■ What this task involves ■
Transcribe all the data below exactly, leaving its pictures out.

■ Supplied information ■
• • • • • • •

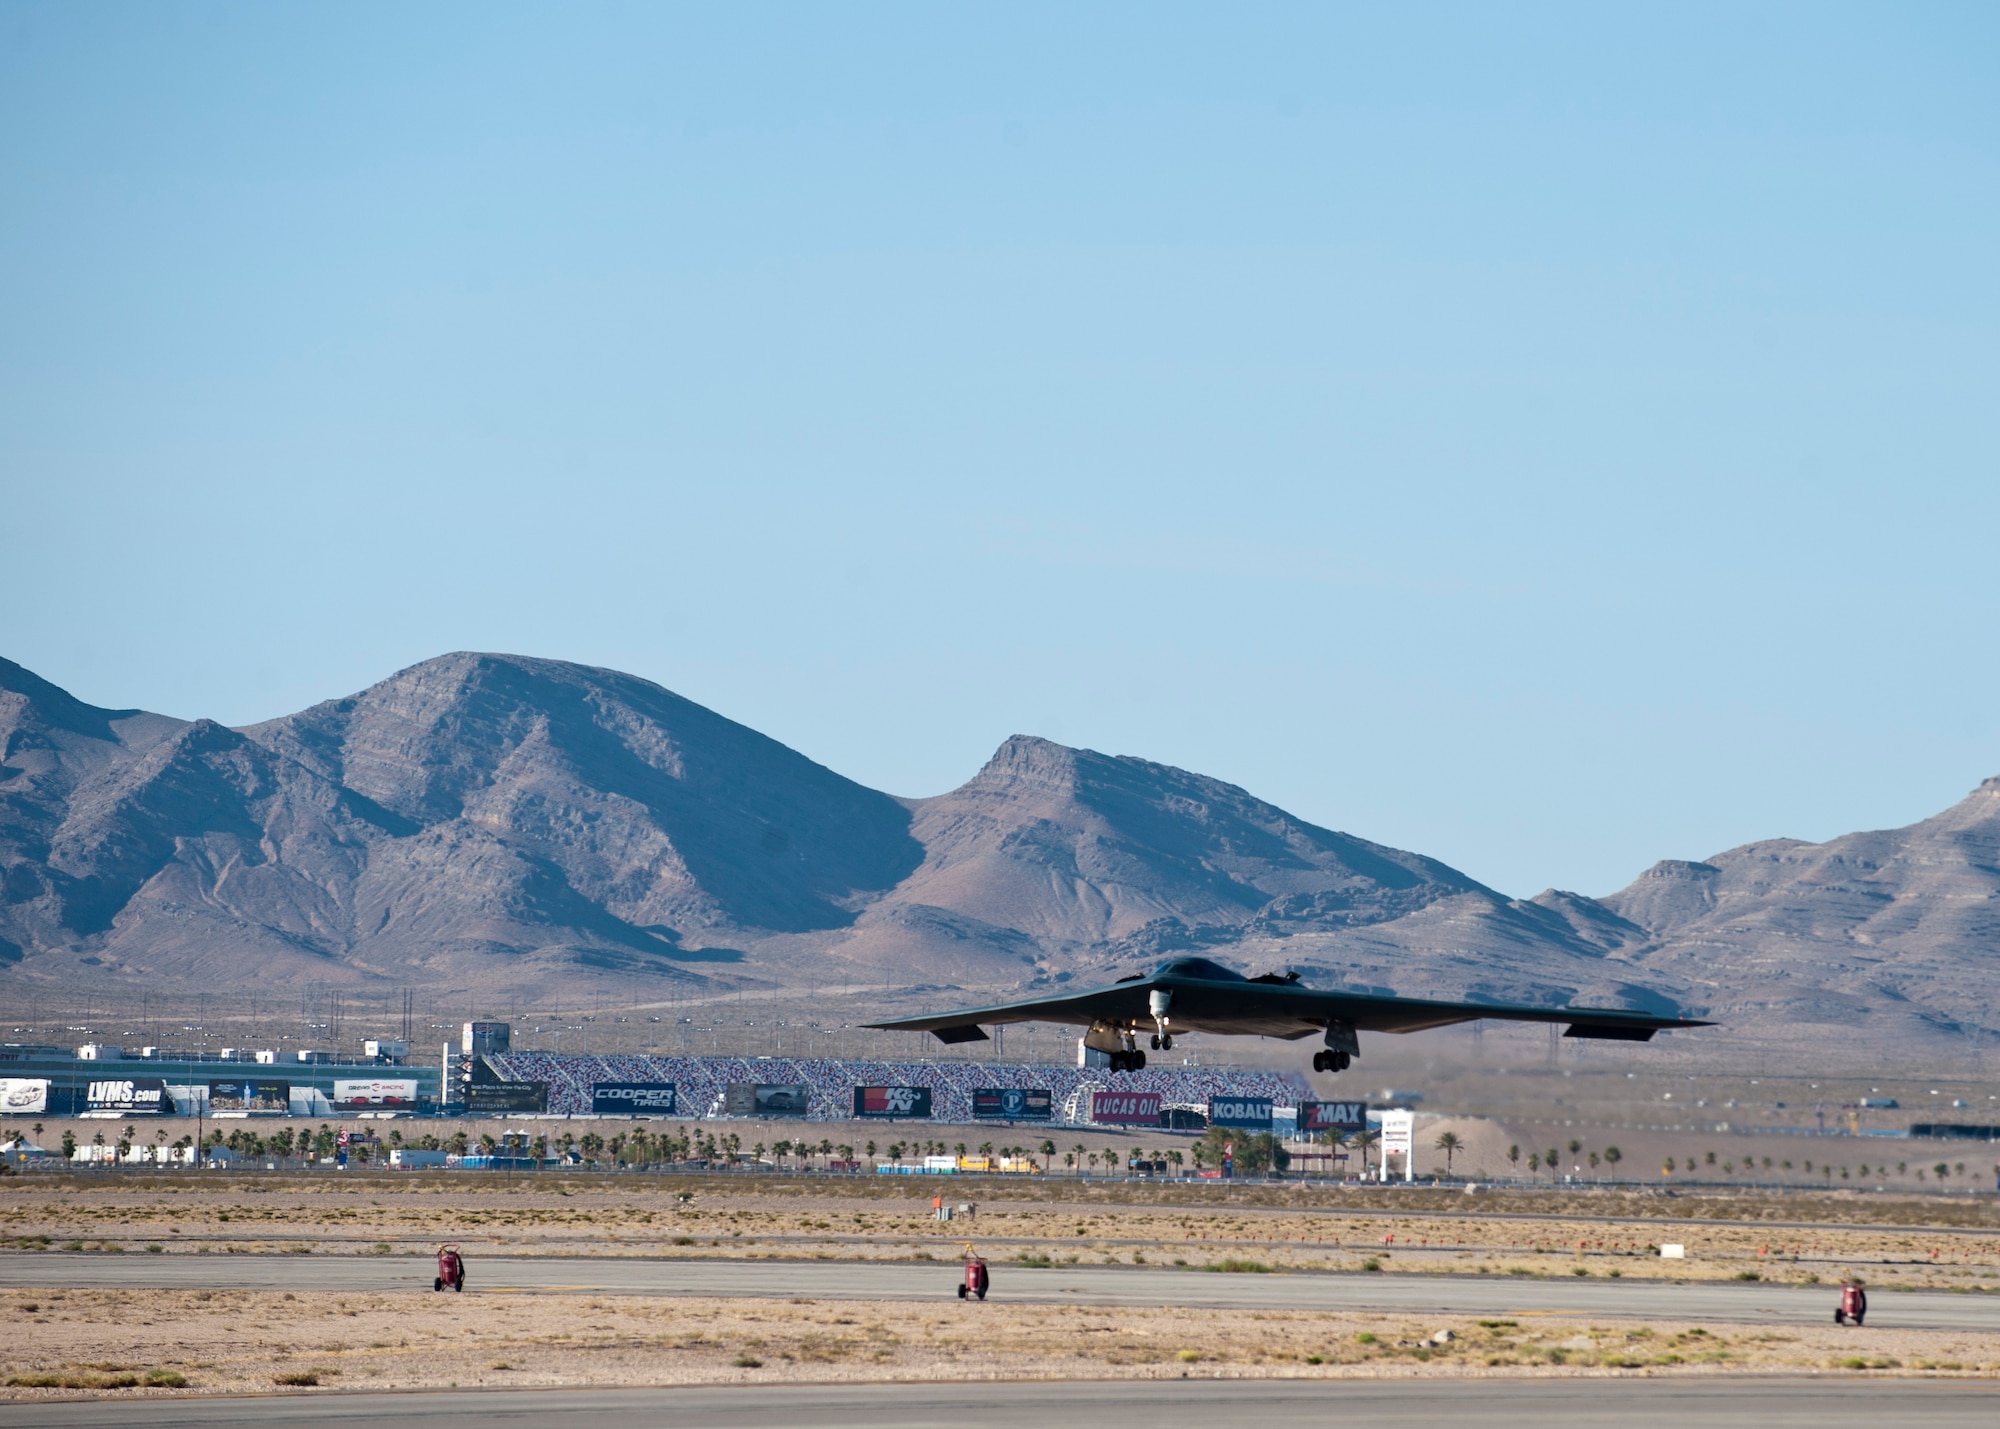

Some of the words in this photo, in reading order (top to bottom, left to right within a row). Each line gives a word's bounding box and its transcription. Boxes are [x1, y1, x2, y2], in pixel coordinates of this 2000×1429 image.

[87, 1081, 161, 1102] LVMS.com
[595, 1088, 674, 1099] COOPER
[632, 1099, 671, 1107] TIRES
[1008, 1094, 1020, 1109] P
[1095, 1098, 1136, 1115] LUCAS
[1139, 1098, 1159, 1116] OIL
[1213, 1103, 1272, 1120] KOBALT
[340, 1130, 348, 1143] 3
[1225, 1145, 1232, 1156] 4
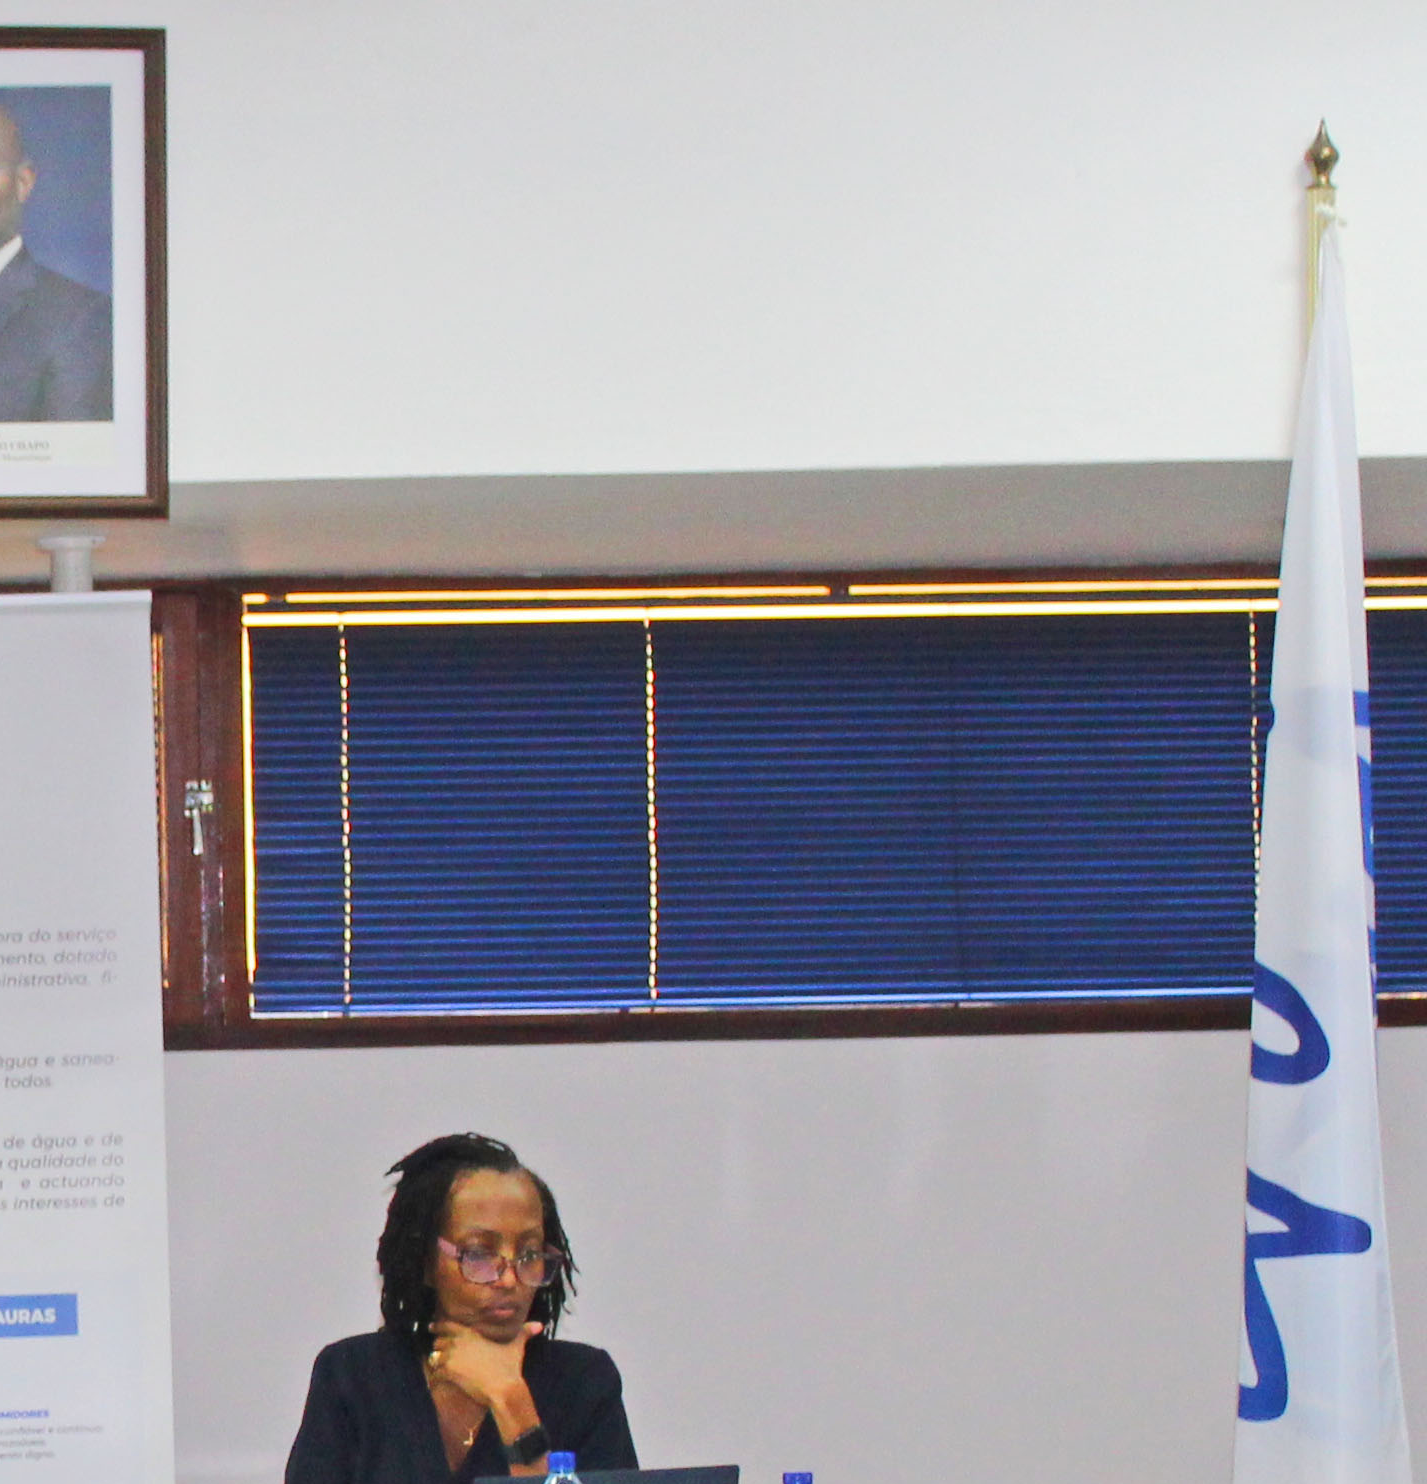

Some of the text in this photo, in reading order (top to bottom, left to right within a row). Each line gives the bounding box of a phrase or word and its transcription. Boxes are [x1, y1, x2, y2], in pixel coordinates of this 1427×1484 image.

[29, 928, 51, 944] do
[56, 927, 118, 946] serviço
[45, 1055, 56, 1067] e
[3, 1135, 26, 1150] de
[32, 1133, 76, 1152] água
[84, 1135, 95, 1148] e
[101, 1131, 124, 1147] de
[8, 1152, 97, 1172] qualidade
[102, 1152, 124, 1168] do
[21, 1178, 31, 1191] e
[39, 1173, 126, 1191] actuando
[13, 1193, 98, 1211] interesses
[103, 1193, 126, 1209] de

• • • • • • •

■ Written response ■
Some of the words in this photo, in reading order (top to bottom, left to right within a row). Each line gives a word's bounding box and its transcription. Boxes are [x1, y1, x2, y2], in pixel coordinates of this 2000×1429 image.

[87, 1081, 161, 1102] LVMS.com
[595, 1088, 674, 1099] COOPER
[632, 1099, 671, 1107] TIRES
[1008, 1094, 1020, 1109] P
[1095, 1098, 1136, 1115] LUCAS
[1139, 1098, 1159, 1116] OIL
[1213, 1103, 1272, 1120] KOBALT
[340, 1130, 348, 1143] 3
[1225, 1145, 1232, 1156] 4

Some of the text in this photo, in reading order (top to bottom, left to right within a row). Each line gives the bounding box of a phrase or word and its transcription. Boxes are [x1, y1, x2, y2], in pixel coordinates of this 1427×1484 image.

[29, 928, 51, 944] do
[56, 927, 118, 946] serviço
[45, 1055, 56, 1067] e
[3, 1135, 26, 1150] de
[32, 1133, 76, 1152] água
[84, 1135, 95, 1148] e
[101, 1131, 124, 1147] de
[8, 1152, 97, 1172] qualidade
[102, 1152, 124, 1168] do
[21, 1178, 31, 1191] e
[39, 1173, 126, 1191] actuando
[13, 1193, 98, 1211] interesses
[103, 1193, 126, 1209] de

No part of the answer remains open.